— BRIEF —
Set down, exactly and with nothing added, the lines running from the one that holds "this 1344×1512 image." to the final line of the records. Pictures stay out of the copy.

— INFORMATION GIVEN —
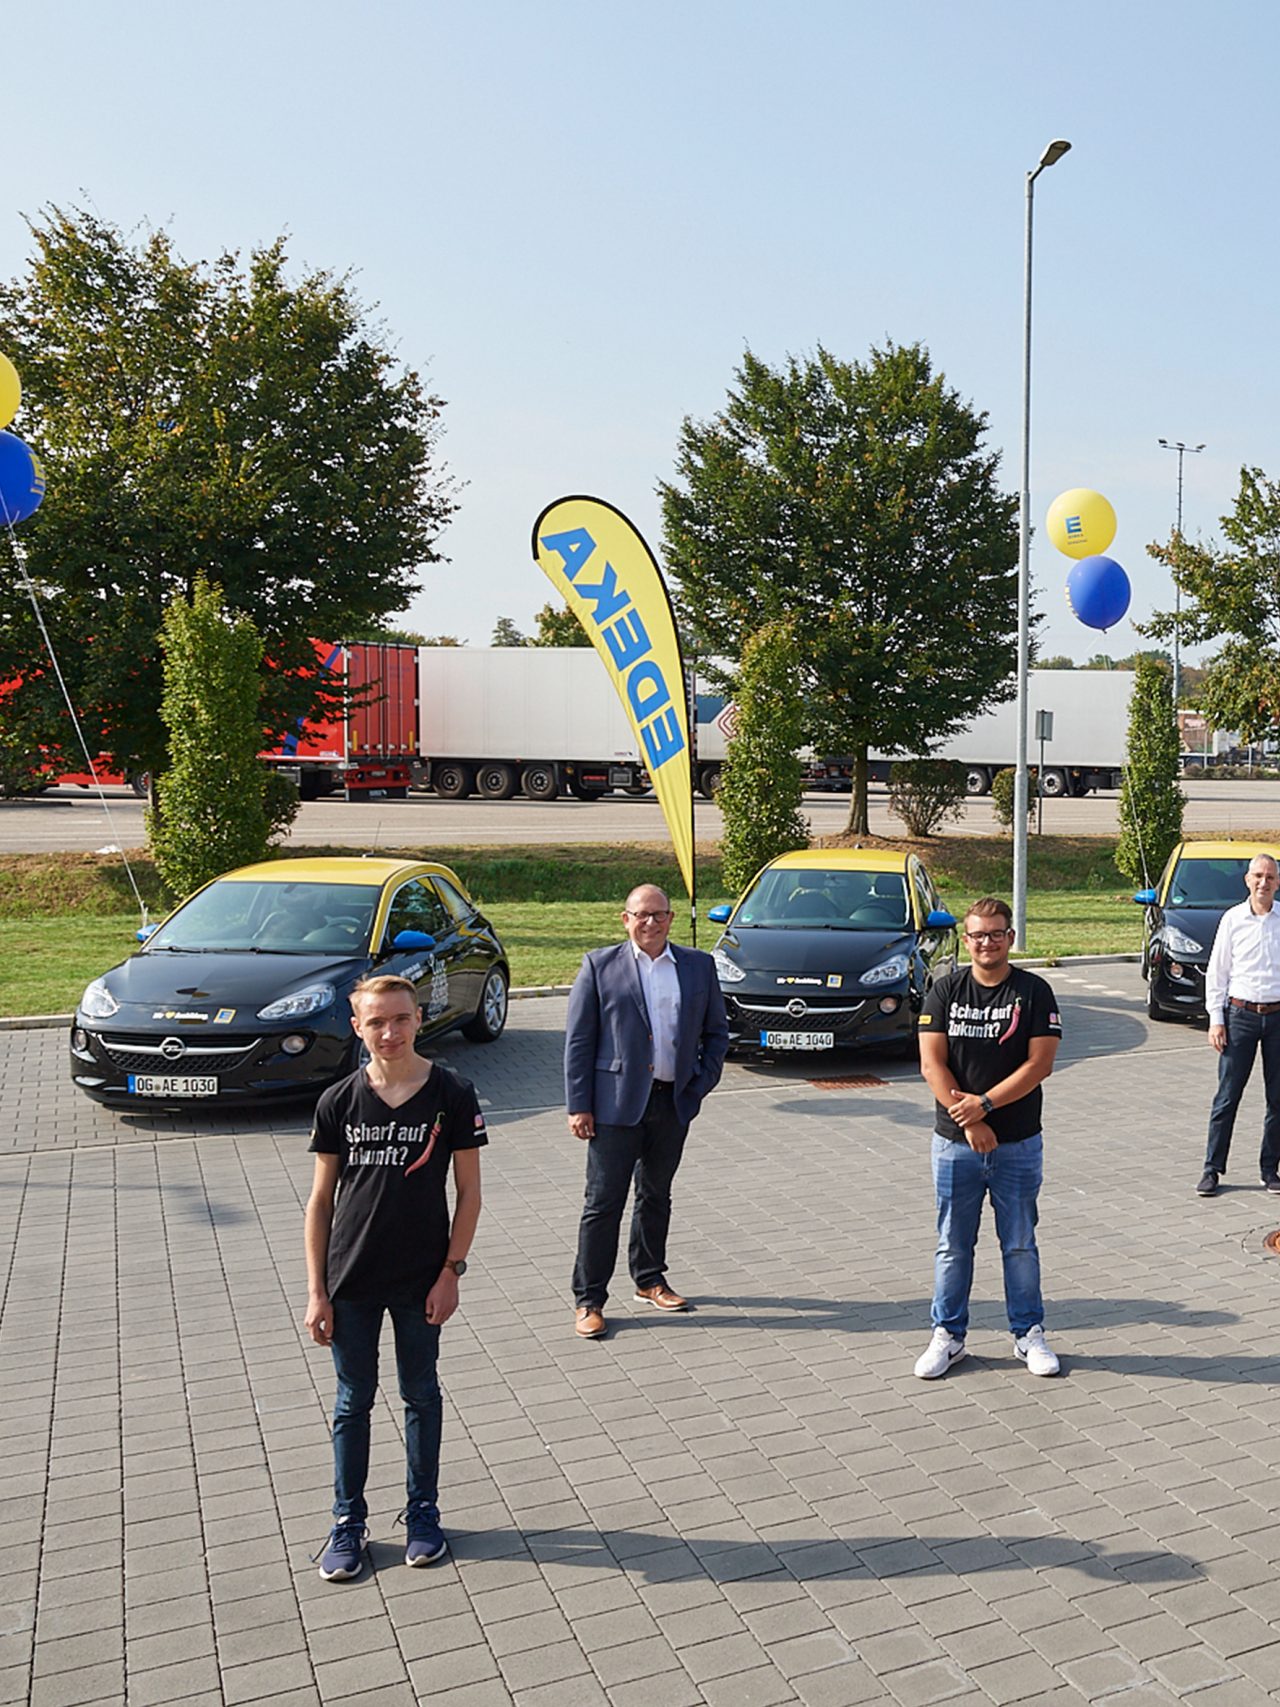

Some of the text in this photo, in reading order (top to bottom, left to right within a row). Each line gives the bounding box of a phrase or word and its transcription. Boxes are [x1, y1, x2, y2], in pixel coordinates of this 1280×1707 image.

[950, 1002, 1014, 1020] Scharf auf
[948, 1020, 1000, 1038] Zukunft?
[768, 1033, 832, 1046] OG AE 1040
[137, 1077, 215, 1092] OG AE 1030
[345, 1121, 428, 1143] Scharf auf
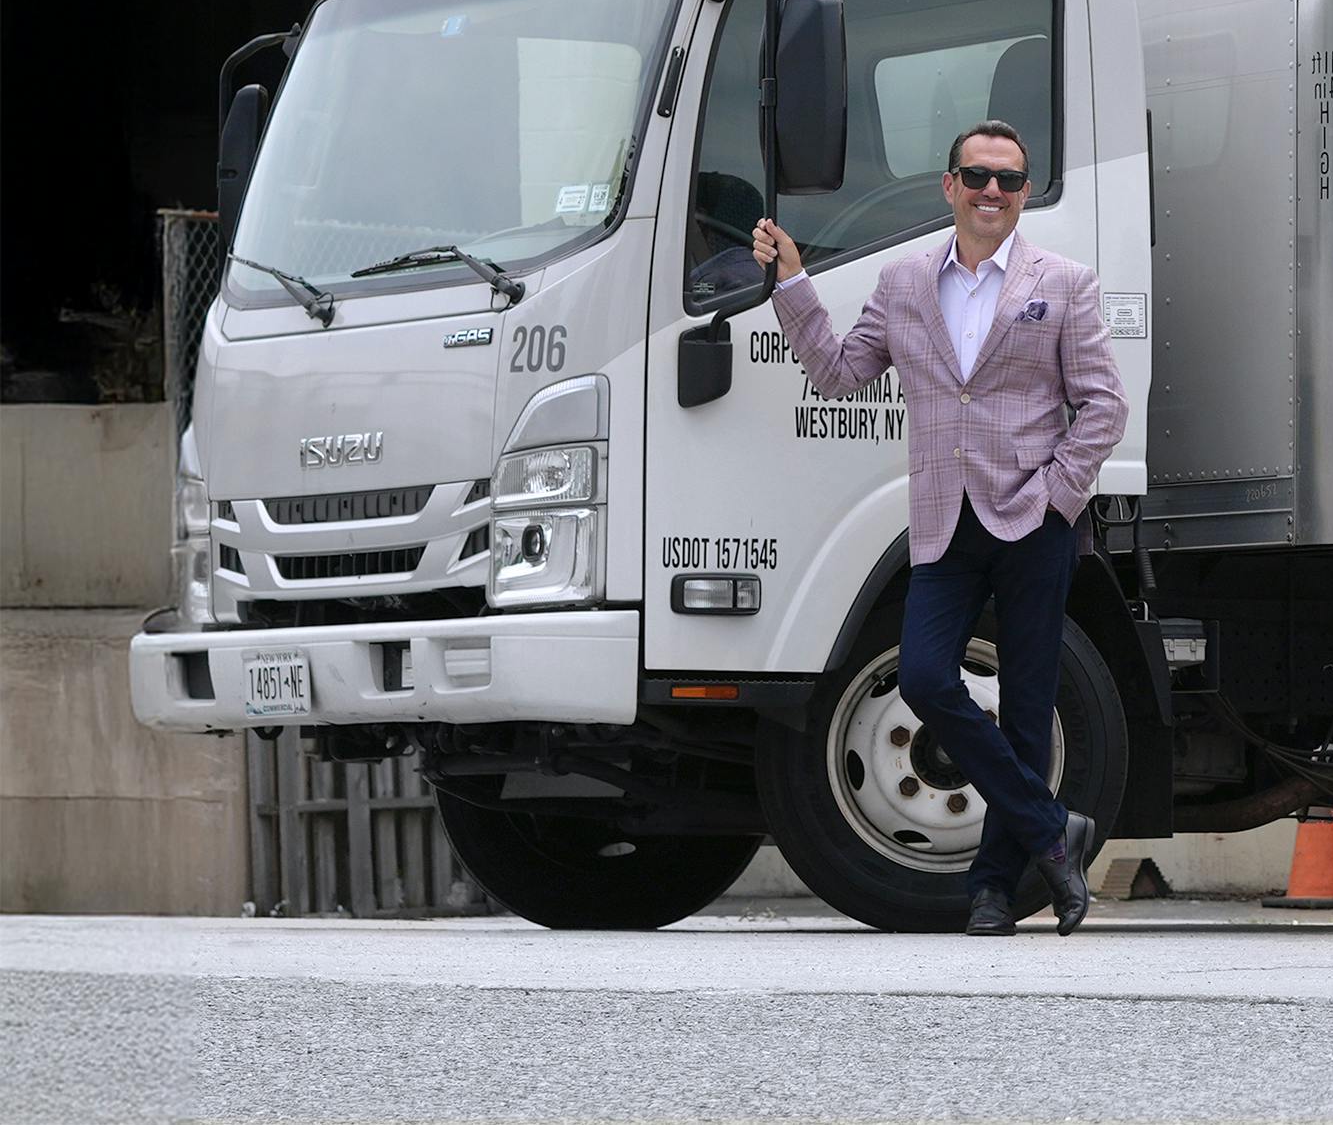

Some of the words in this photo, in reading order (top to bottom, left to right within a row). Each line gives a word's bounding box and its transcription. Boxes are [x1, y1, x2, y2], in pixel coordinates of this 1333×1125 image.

[509, 325, 567, 373] 206
[795, 406, 879, 445] WESTBURY,
[885, 409, 905, 441] NY
[300, 431, 384, 470] ISUZU
[662, 536, 710, 569] USDOT
[714, 538, 777, 570] 1571545
[249, 666, 282, 701] 14851
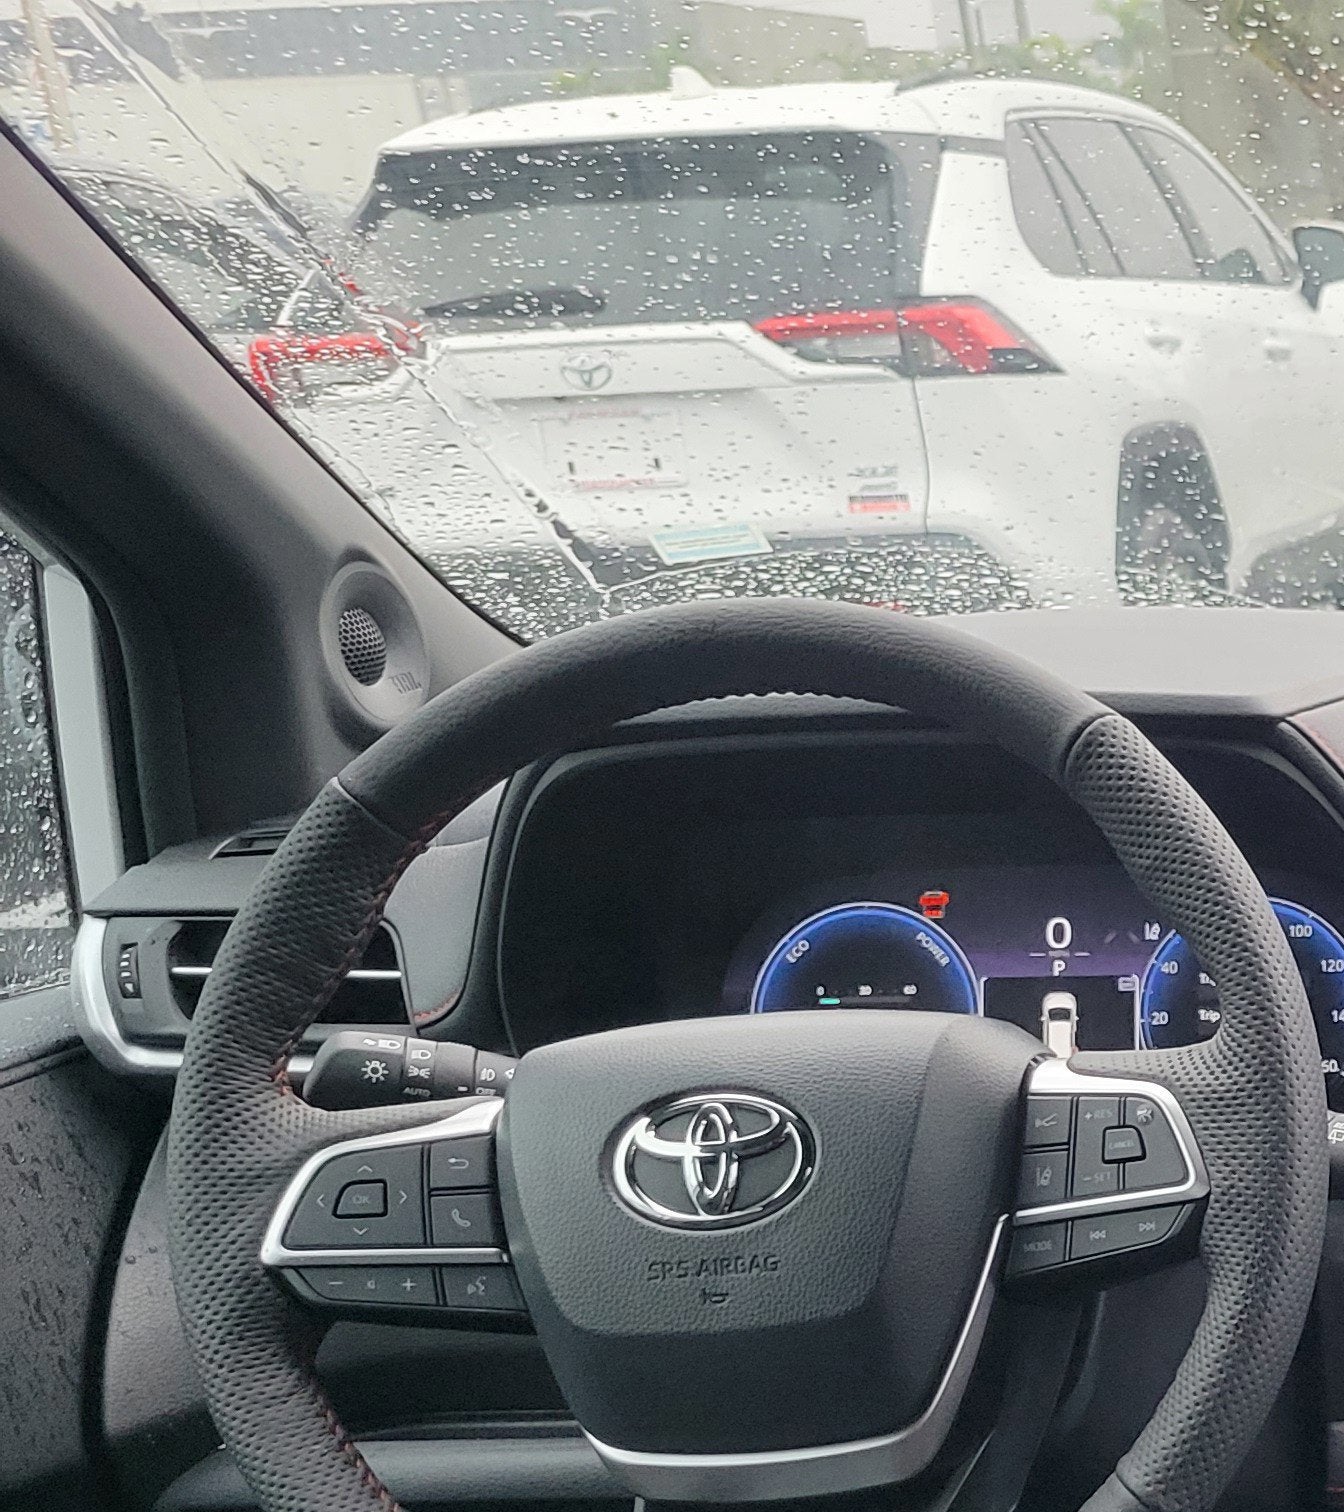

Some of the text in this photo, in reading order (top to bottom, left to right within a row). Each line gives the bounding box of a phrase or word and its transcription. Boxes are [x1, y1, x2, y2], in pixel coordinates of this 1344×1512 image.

[1045, 916, 1072, 950] 0
[1289, 924, 1313, 938] 100
[785, 939, 810, 964] ECO
[915, 931, 951, 967] POWER
[1052, 959, 1066, 977] P
[1160, 961, 1179, 975] 40
[1320, 959, 1344, 973] 120
[1151, 1011, 1169, 1025] 20
[695, 1254, 782, 1277] AIRBAG
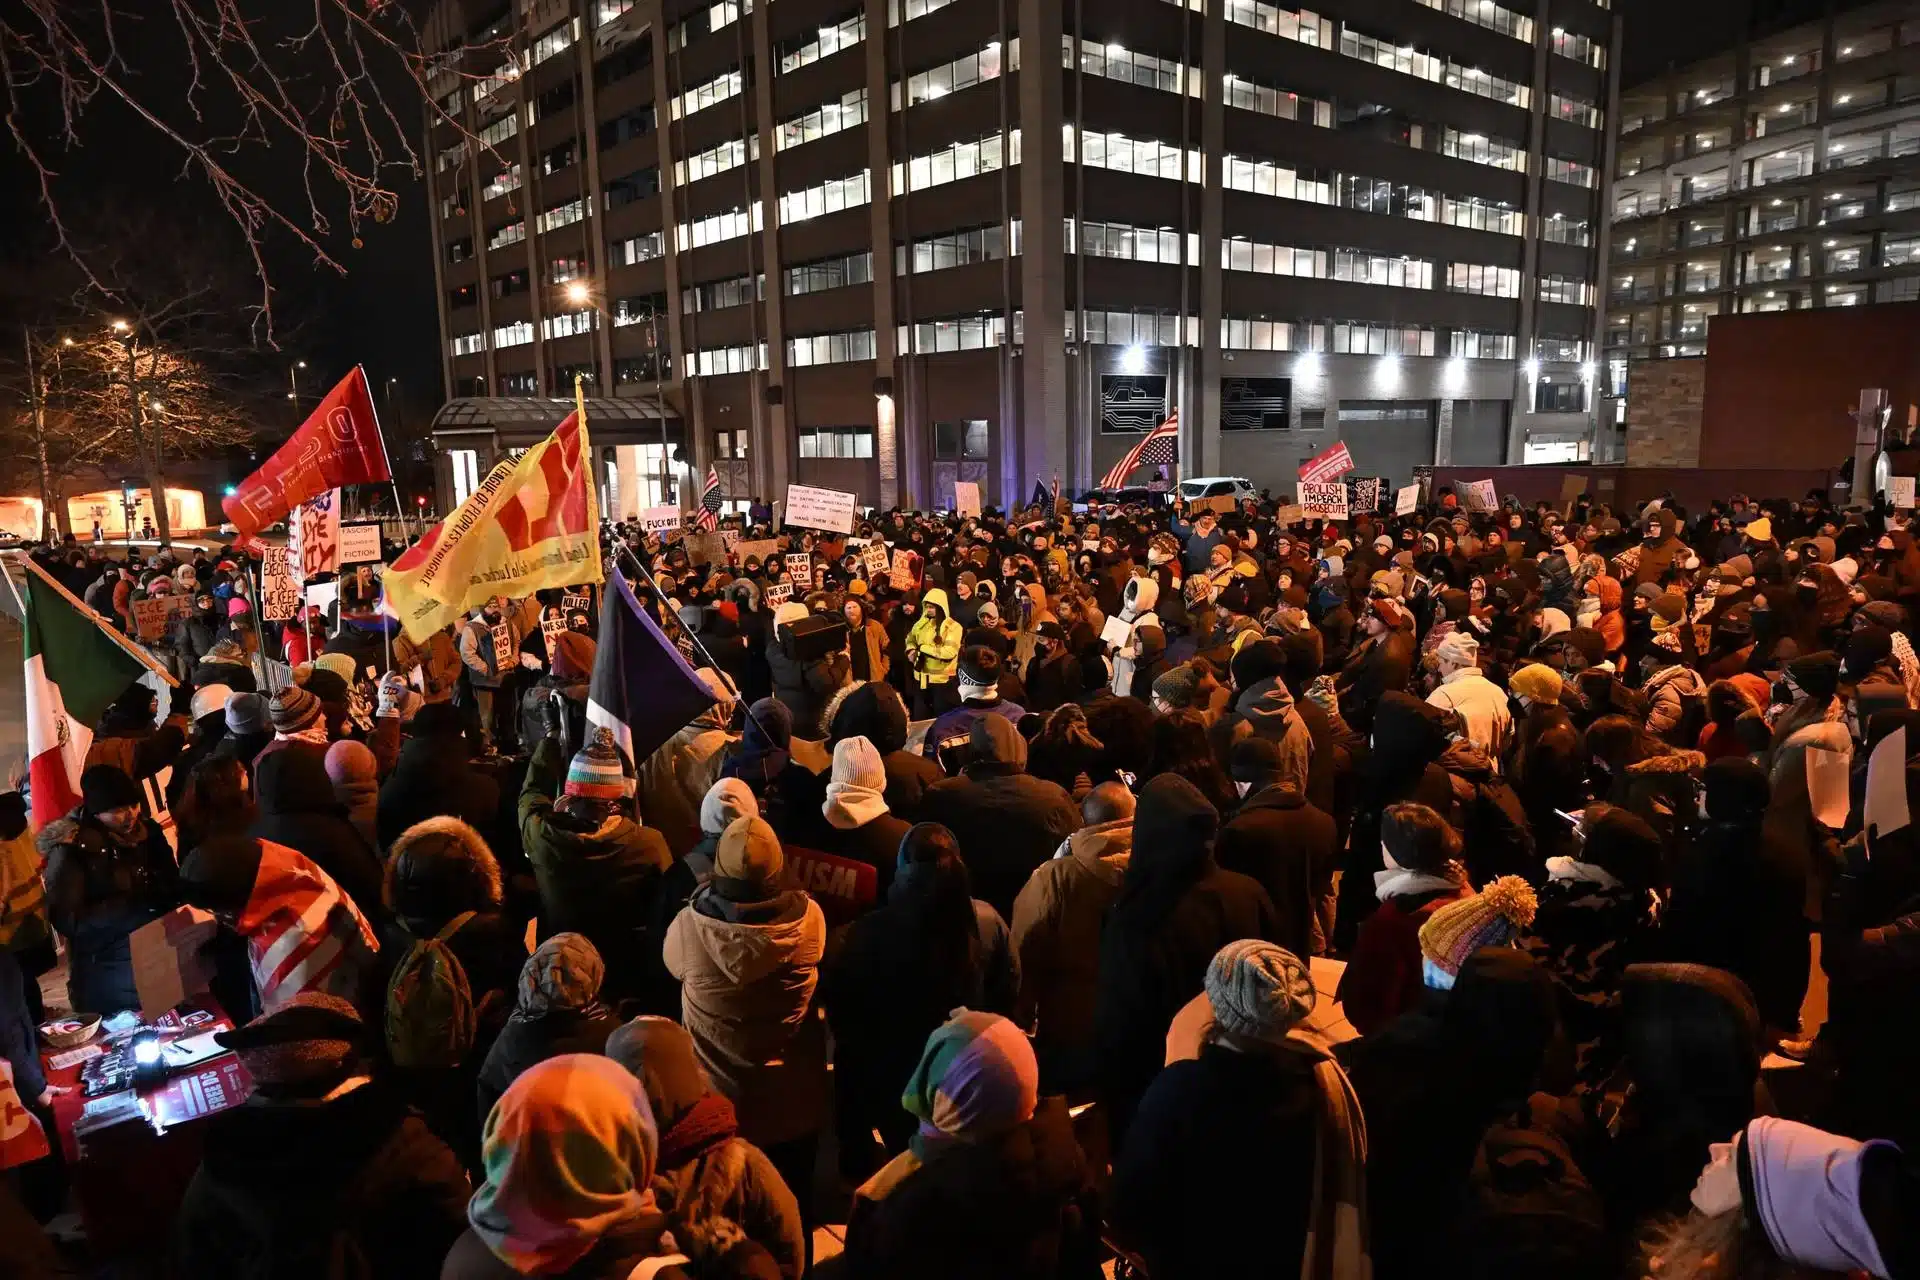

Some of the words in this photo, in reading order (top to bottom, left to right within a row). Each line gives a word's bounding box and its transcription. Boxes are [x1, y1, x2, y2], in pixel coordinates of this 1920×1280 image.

— OUTPUT FOR THIS EXERCISE —
Some of the text in this photo, in reading order (top to bottom, left to right within a row). Each line gives the bounding box of a phrase or word and its transcription. Boxes are [x1, y1, x2, y2], in pixel coordinates of this 1344×1512 image.

[1045, 916, 1072, 950] 0
[1289, 924, 1313, 938] 100
[785, 939, 810, 964] ECO
[915, 931, 951, 967] POWER
[1052, 959, 1066, 977] P
[1160, 961, 1179, 975] 40
[1320, 959, 1344, 973] 120
[1151, 1011, 1169, 1025] 20
[695, 1254, 782, 1277] AIRBAG

Some of the words in this photo, in reading order (top to bottom, left to right within a row). Each line gives a word's bounding box and its transcription. Boxes are [x1, y1, x2, y2], in pixel coordinates of this 1920×1280 image.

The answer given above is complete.